Second, God has good works planned for the two of you together. He has adventures mapped out for you as a couple. He did not create your marriage only to impact you and your spouse. This is a really, really cool thing. You get to be a team. You get to do ministry together. You get to develop and then share God passions. When Dave and I look back on our marriage, we don’t point to weekend getaways or candlelight dinners as times of growth; no, it was moving together to Okinawa—and the difficult decision to move back. It’s been having children together. It’s been feeling the nudges of the Holy Spirit separately and then realizing He’s guiding us in the same direction (like to take in international students or make one of our many moves or adopt or simply befriend a particular neighbor).

Your marriage has a big, BIG purpose. It’s part of a big, BIG plan! That’s exciting! And when the two of you are more focused on this—on your marriage being an agent for the Gospel—your love and romance will deepen in ways that make movie romance appear shallow.

Marriage Advice, Part 1

DSC_0806When I’m at bridal showers and the hostess asks all the married women to write down their most valued marriage advice for the bride, I blank. Other women begin scratching almost immediately but not me. “The most important?” I think. “On this little card?”

A few days ago Dave and I celebrated our anniversary. Son Jake kept reminding me of it throughout the day, hugging me and whispering in my ear, “Happy 21 years of marriage, Mom.” (It was a welcome change from the zerberts on the cheek and burps in the ear I more often get from my eight year old.)

We’re amazed by the 21 years. We went into marriage young; we’ve never been organized or systematic about it; and plenty of couples we thought were stronger or more compatible have been split apart. We were reminded of that not long ago when Dave saw a picture on Facebook of a friend from long ago with someone other than his wife. The “someone other” turned out to be a relative, but there were certainly no signs—on either his or the wife’s page—that the two of them are still together, and this was a couple we had really looked up to.

(Side note: Their lack of “together” pictures made me think about my own Facebook account, so I checked my photos and info page for evidence of our marriage. Dave must have been doing the same because a message popped up in the middle of my checking. “Dave Underwood has posted that he is married to you. Is this correct?” “Yes,” I clicked. “Jennifer Underwood is now married to Dave Underwood” became my new status—which several friends “liked” and one of my former students commented on: “About time!”)

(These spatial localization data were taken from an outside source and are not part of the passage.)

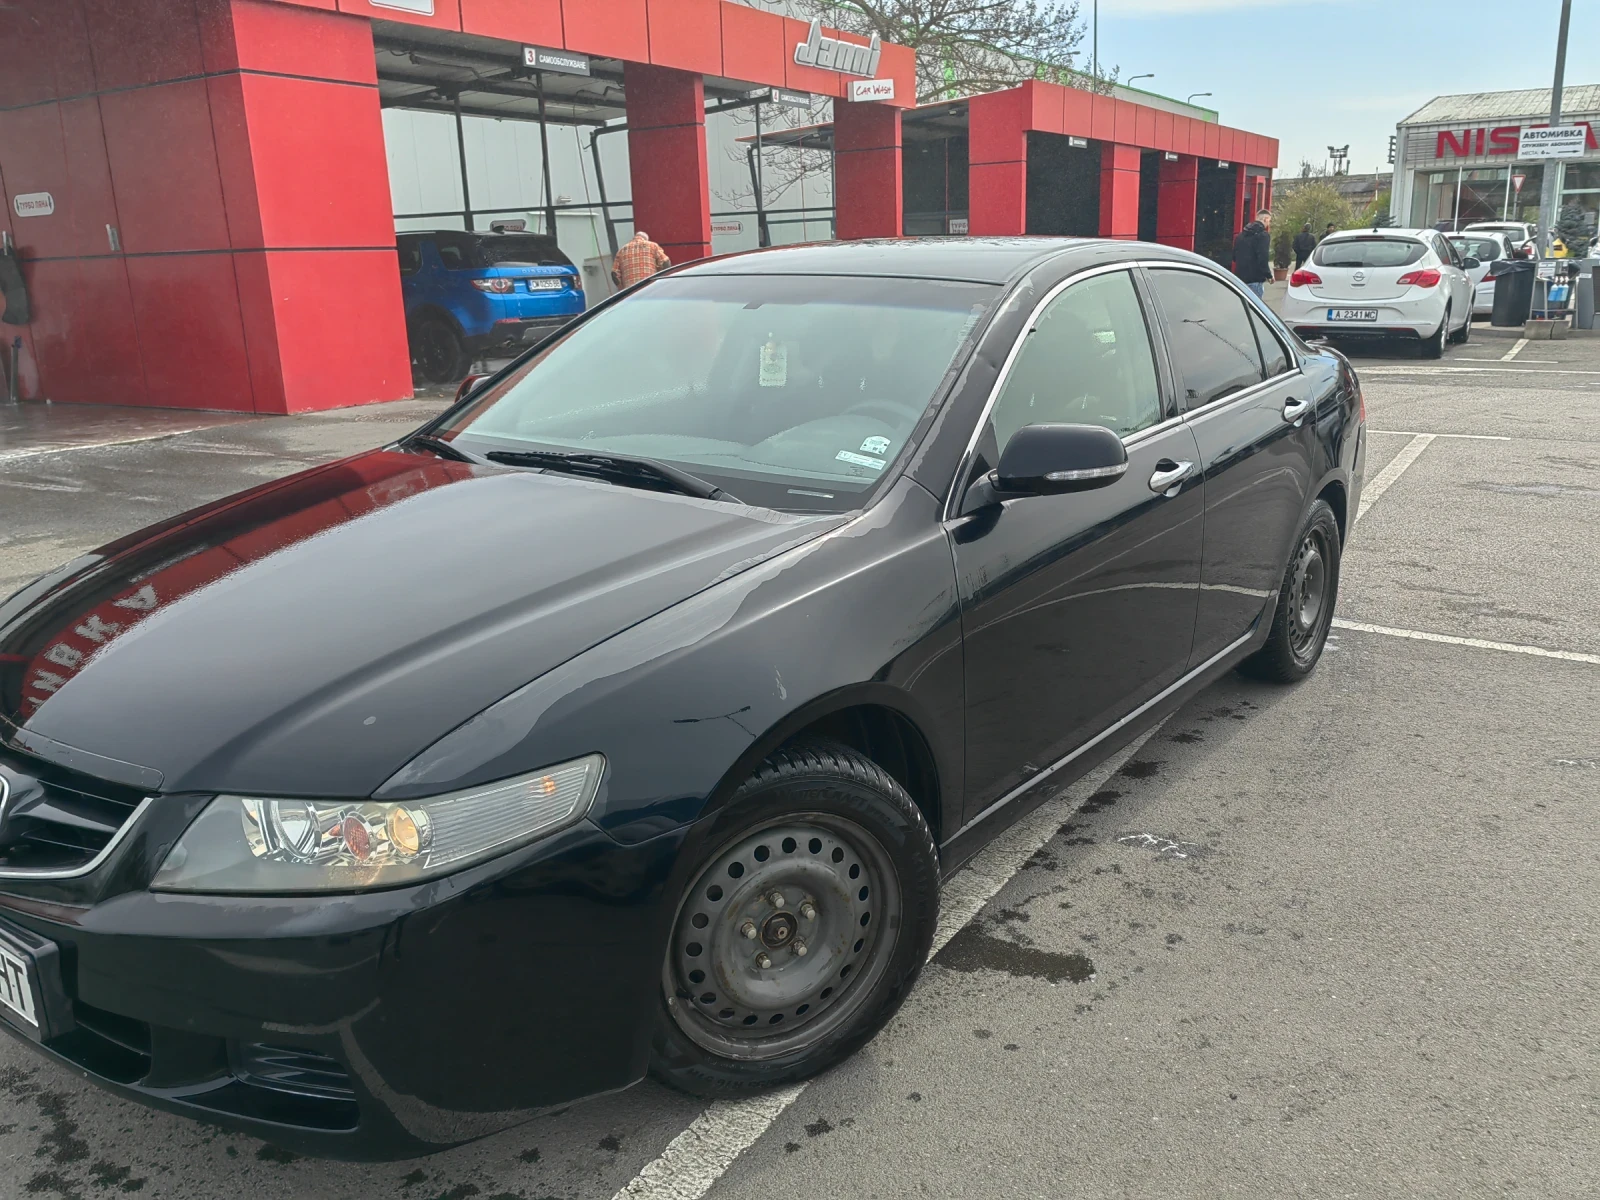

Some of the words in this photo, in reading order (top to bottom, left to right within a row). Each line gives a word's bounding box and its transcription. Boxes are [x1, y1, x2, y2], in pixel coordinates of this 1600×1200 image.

[527, 50, 534, 62] 3
[1522, 129, 1583, 140] АВТОМИВКА
[1335, 310, 1341, 319] A
[1344, 310, 1362, 319] 2341
[1364, 311, 1376, 319] MC

Last spring Dave and I walked through pre-marital counseling with a young couple. We re-discovered that every bit of advice we gave—about finances, family differences, personality types, love languages, disagreements and fights—has its roots in grace.

I think that’s perhaps the “most important thing,” though the purpose for marriage and a right view of it would also have to be on my “advice for the bride” card. Maybe I’ll write it down and put it in my wallet so I can copy it at the next bridal shower I attend.

Part 1: “Cling to grace—hard! Require daily that your soul be nourished by God’s boundless grace for you. Then let it overflow for your husband. Let grace bridle your tongue and season the words you do say—and how you say them. Let grace be the undercurrent of your actions, your silences, even the looks you give him. And never, ever think you are past your need for it.”